Exercise directions: Copy each record below exactly, please, and leave its pictures out.

Extracted records:
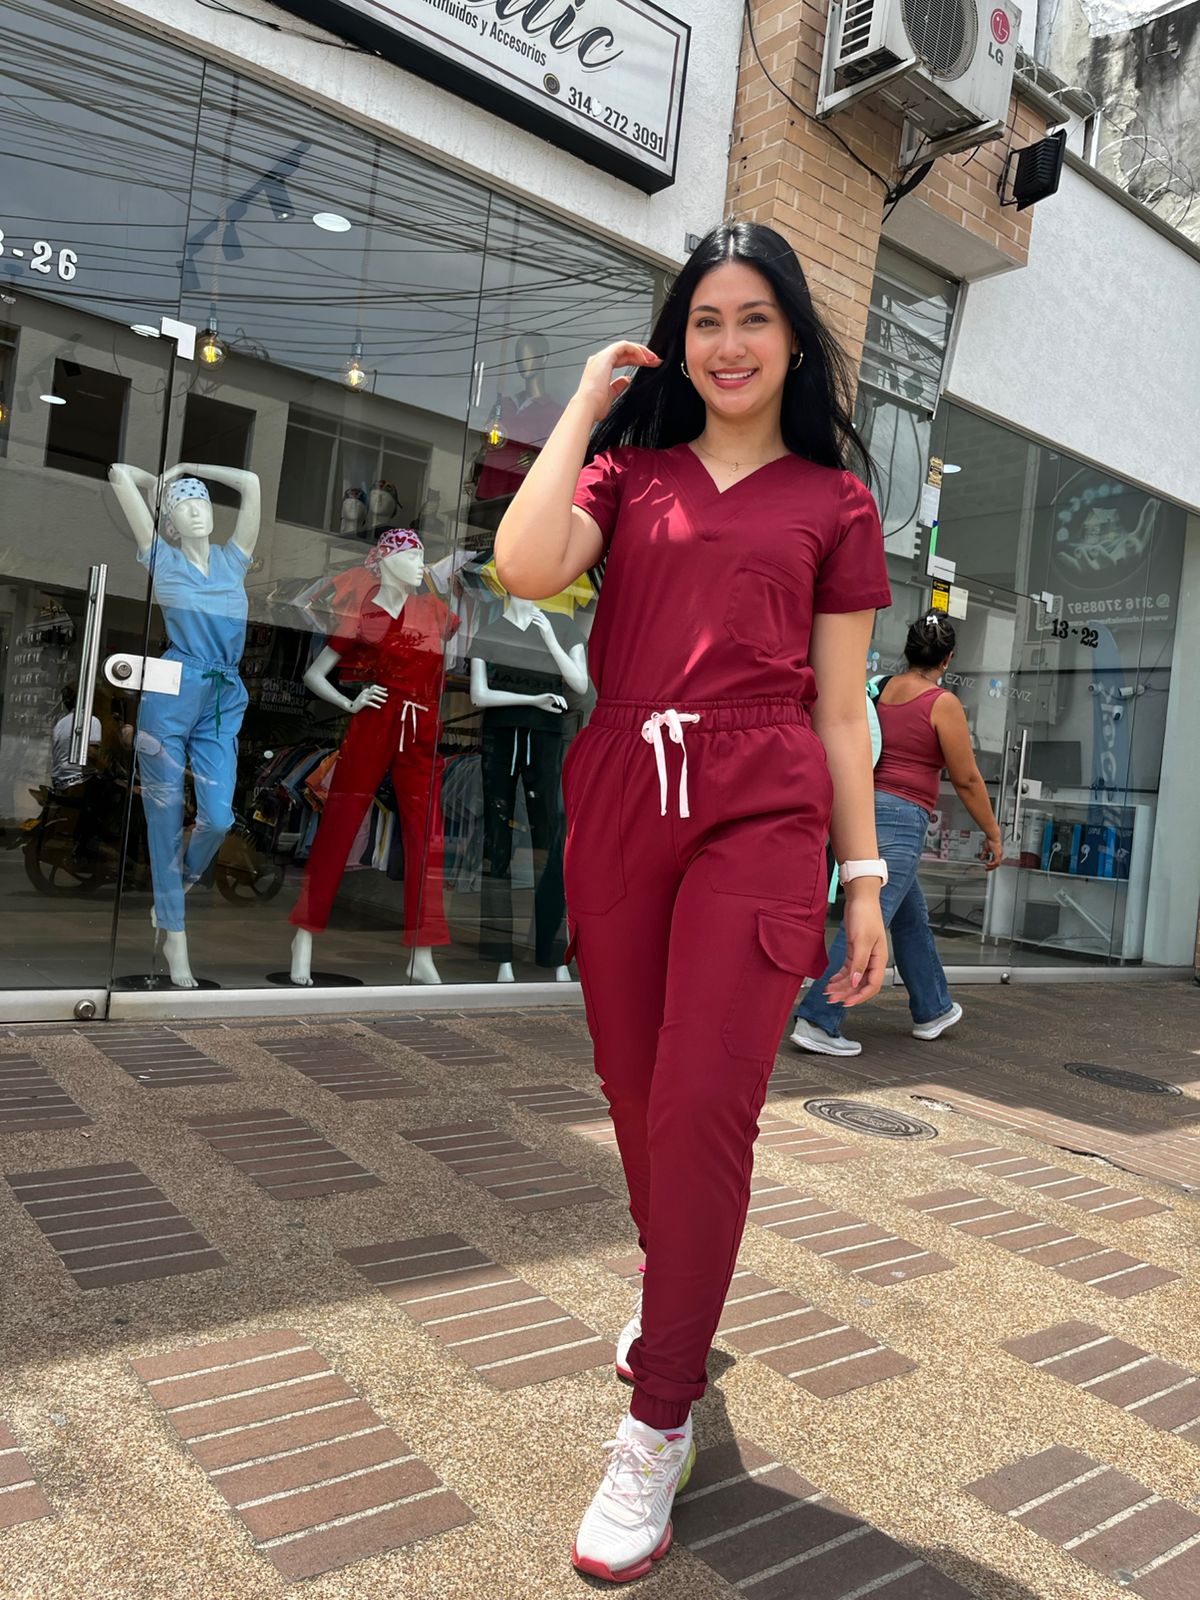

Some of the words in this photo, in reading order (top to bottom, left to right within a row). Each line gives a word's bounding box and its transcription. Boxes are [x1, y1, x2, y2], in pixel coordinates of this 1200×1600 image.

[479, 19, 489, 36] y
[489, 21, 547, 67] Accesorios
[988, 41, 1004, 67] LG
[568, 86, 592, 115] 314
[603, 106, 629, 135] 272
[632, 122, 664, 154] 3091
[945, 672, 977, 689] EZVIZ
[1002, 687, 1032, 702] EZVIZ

Answer to this exercise:
Some of the words in this photo, in reading order (top to bottom, left to right within a row). Each line gives a word's bounding box and its transcription. Boxes are [x1, y1, x2, y2], in pixel coordinates of this 1200×1600 image.

[479, 19, 489, 36] y
[489, 21, 547, 67] Accesorios
[988, 41, 1004, 67] LG
[568, 86, 592, 115] 314
[603, 106, 629, 135] 272
[632, 122, 664, 154] 3091
[945, 672, 977, 689] EZVIZ
[1002, 687, 1032, 702] EZVIZ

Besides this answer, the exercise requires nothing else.